He'd spent little time in temple since the battle at Shalimsha. Tate told himself he was
too busy reorganizing troops and bolstering morale to devote one of every seven days to
inactive prayer. The truth was, without the old knight to steel his resolve, Sir Tate's
interest in rising to the Order of the Rose had waned. In a secret corner of his soul,
Tate had even dared to wonder if Kiri-Jolith hadn't abandoned him first. As the lord
knight picked his way through the sleeping bodies in the courtyard, he couldn't help
thinking that many were taking their last mortal rest. The thought propelled Tate faster
toward a long overdue talk with his god.

Dragonlance - Villains 2 - The Black Wing
Chapter 22

Maldeev was feeling confident. The highlord sat apart from his four black dragons, who
waited restlessly for daybreak on a rocky cliff west of Lamesh. He knew that when the sun
crested the horizon to the east, Salah Khan would issue the order for the ground troops to
advance on Lamesh's south wall. The second he saw the knights' attention devoted there,
Maldeev would lead the dragons in an attack on the west wall. It was a plan the highlord
was certain couldn't fail.

The pace of the assault had gone from boring to breakneck in one long night.

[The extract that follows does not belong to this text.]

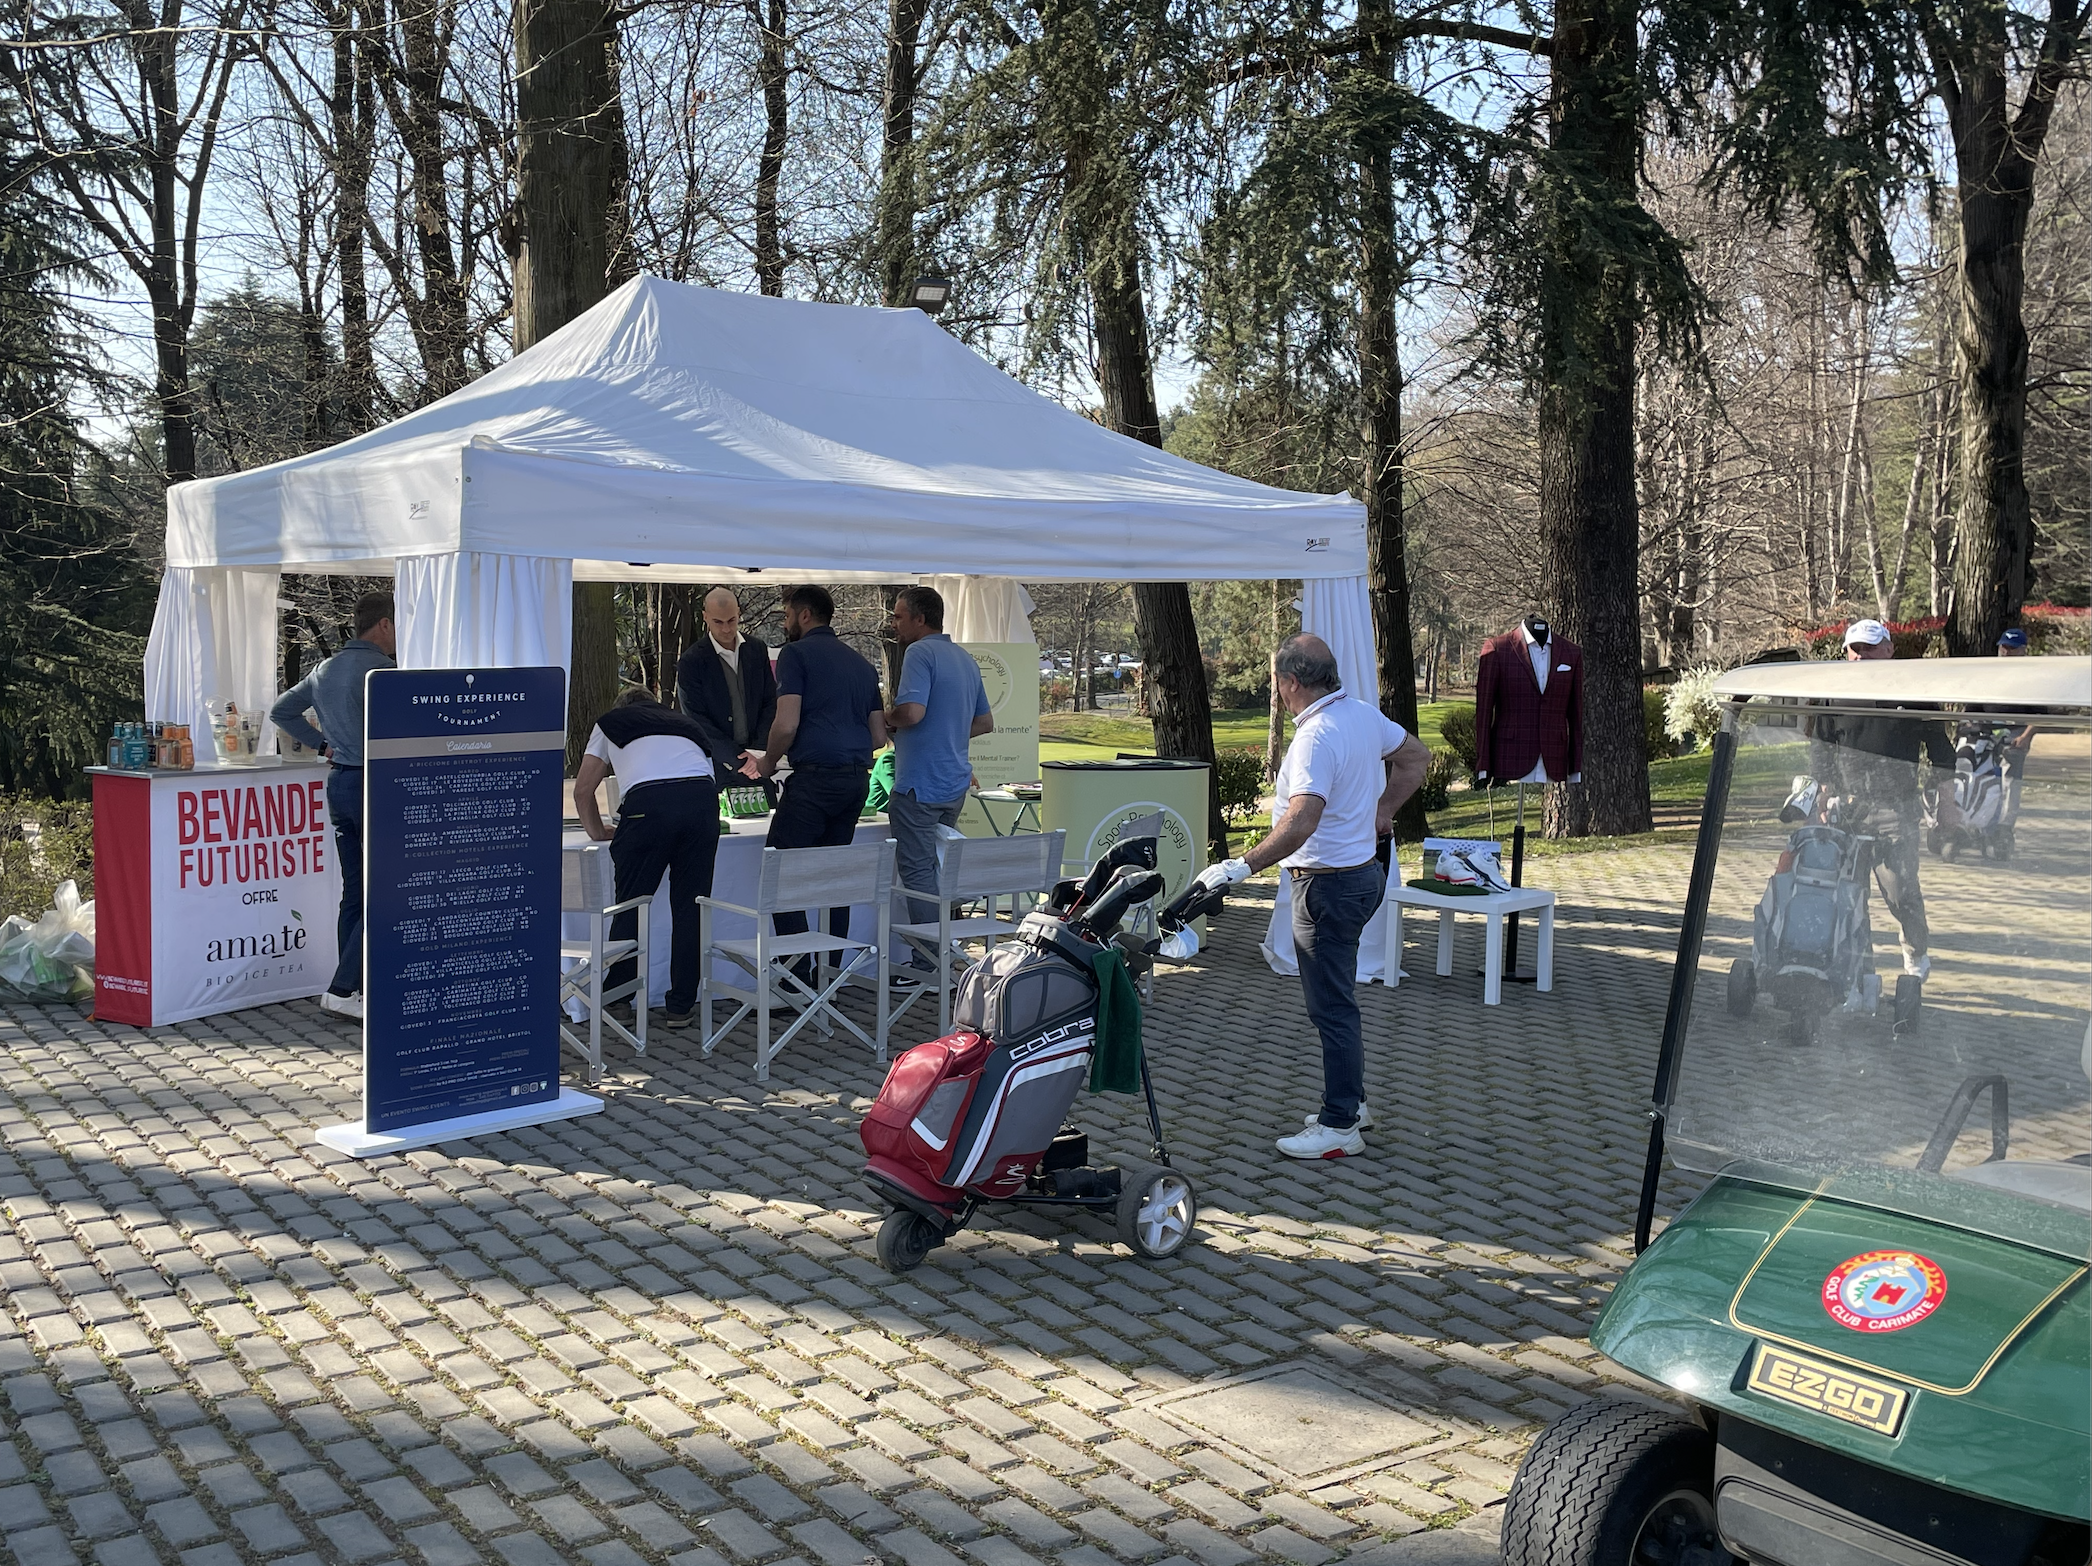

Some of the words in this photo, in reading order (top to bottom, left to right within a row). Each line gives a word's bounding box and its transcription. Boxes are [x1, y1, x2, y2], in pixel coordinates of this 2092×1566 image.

The
draconians, under Horak's watchful eye, had chopped down trees that the ogres turned into
makeshift bridges for fording the moat and ladders for climbing crenelated walls. Maldeev
had flown to this vantage point with the dragons late in the night. Though the steady
downpour was an uncomfortable nuisance for the highlord, it seemed to act like a mental
balm for the black dragons. They'd dropped into sleep after foraging for food in the
mountains farther west. Wound as tight as a spring, the highlord had been the first to
awaken, though he wasted no time in rousing the others to draw a crude battle diagram in
the dirt. The plan had changed little from the one drawn up at a war council of officers
and dragons the day before the march north. Truly, the only alteration was to the role of
the dragons, and that was as obvious and simple as the dirt in which Maldeev had drawn it.
“Whoever built Lamesh obviously did not consider aerial attacks,” the highlord said. “It
must have been built during the time your kind was banished from Krynn.” “Technically, we
still are,” Khisanth interjected mildly. “The Dark Queen's return to Krynn is the point of
the war, isn't it?” “Yes, I guess so.” Maldeev's eyebrows raised unpleasantly at being
openly addressed by a dragon other than Jahet. Perhaps Khisanth had presumed too much from
the highlord's willingness to let her respond to the knight's emissary the previous
evening. Maldeev had had the messenger slain instantly by Jahet. The highlord had intended
the riderless horse to be his answer to the request to let women, children, and old men go
free. But Khisanth had insisted that she'd fought the leader of the knights and knew just
what response would shake him. Maldeev had allowed it, seeing no harm. He stood,
stretched, and looked again to the sky, which was starting to show signs of dawn between
the swollen rain clouds overhead. “Prepare yourselves. It's nearly time.” Atop Jahet,
Maldeev was to lead the dragons. Volg and Horak would direct their ogre and draconian
troops forward in the initial southern charge, so Lhode and Shadow would pick them up on
the battlefield after the dragons joined the fray. Since Khisanth had no rider, she stood
by, almost idly watching Maldeev pull on the last of his war attire, a pair of tight
leather gauntlets that flared at the wrists. He pulled something from a small bag tied to
his waist and held it to the light. It was a plain gold ring topped by a smooth, flat
circle of onyx. At length, Maldeev placed it over the gloved index finger of his right
hand. “New ring, Maldeev?” Jahet asked idly as the dragon shrugged to adjust the ornate
saddle he'd tossed up between her wing blades. “Yes,” the dragon highlord said quickly,
withdrawing the band almost self-consciously. “Andor insisted I take along a protective
ring.” He saw Jahet's interest stir. “He is my dark cleric, after allif s his job to think
of such things. I only took it to humor him. You know how I hate magicdidn't even want
Andor near this battle.” With a shrug, Maldeev wiggled the ring from his gloved finger.
Jahet shook her head slowly. “You already know what a mistake I think his absence is. Wear
the bloody thing, Maldeev,” she prompted. “What will it hurt? It just may come in handy.”
Maldeev jammed the black-and-gold ring over the gloved index finger.

Jahet looked satisfied, though she wondered at this new, acquiescent side of her soul
mate. “Jahet,” Maldeev called to his dragon, tipping his head to indicate that she should
turn her ear to him. The highlord whispered briefly, and Jahef s face lit up.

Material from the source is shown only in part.